- TASK GOAL
After finding the line that contains "Some of the words", give again that line and each one following it, exactly, until the records end.
== RECORDS FOR THE EXERCISE ==
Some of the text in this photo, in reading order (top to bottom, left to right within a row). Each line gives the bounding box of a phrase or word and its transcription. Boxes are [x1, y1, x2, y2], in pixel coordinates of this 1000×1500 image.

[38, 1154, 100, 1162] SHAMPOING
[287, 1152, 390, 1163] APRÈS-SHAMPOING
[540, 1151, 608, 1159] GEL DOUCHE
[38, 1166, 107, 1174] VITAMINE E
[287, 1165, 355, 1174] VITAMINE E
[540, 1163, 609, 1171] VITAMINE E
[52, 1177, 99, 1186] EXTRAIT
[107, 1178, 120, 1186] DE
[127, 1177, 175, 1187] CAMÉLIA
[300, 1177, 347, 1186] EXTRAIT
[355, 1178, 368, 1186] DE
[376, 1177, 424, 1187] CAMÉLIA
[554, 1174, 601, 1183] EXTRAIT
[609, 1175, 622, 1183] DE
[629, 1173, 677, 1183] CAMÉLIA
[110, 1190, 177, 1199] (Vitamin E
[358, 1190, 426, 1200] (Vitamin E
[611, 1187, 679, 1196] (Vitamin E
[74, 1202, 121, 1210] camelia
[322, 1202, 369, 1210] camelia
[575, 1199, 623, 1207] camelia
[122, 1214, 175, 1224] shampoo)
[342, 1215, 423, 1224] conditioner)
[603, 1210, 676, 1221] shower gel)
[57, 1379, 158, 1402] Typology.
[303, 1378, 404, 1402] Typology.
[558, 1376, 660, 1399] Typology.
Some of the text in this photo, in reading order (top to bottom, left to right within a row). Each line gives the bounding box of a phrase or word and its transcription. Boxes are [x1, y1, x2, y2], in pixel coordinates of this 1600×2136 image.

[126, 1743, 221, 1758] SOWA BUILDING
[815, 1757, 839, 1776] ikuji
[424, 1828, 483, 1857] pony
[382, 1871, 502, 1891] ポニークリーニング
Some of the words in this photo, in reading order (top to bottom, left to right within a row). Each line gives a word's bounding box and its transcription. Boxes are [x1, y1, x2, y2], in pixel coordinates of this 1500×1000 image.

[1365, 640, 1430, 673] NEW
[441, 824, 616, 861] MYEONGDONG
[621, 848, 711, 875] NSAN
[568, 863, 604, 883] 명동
===
- EXERCISE RESULT
Some of the words in this photo, in reading order (top to bottom, left to right within a row). Each line gives a word's bounding box and its transcription. Boxes are [x1, y1, x2, y2], in pixel coordinates of this 1500×1000 image.

[1365, 640, 1430, 673] NEW
[441, 824, 616, 861] MYEONGDONG
[621, 848, 711, 875] NSAN
[568, 863, 604, 883] 명동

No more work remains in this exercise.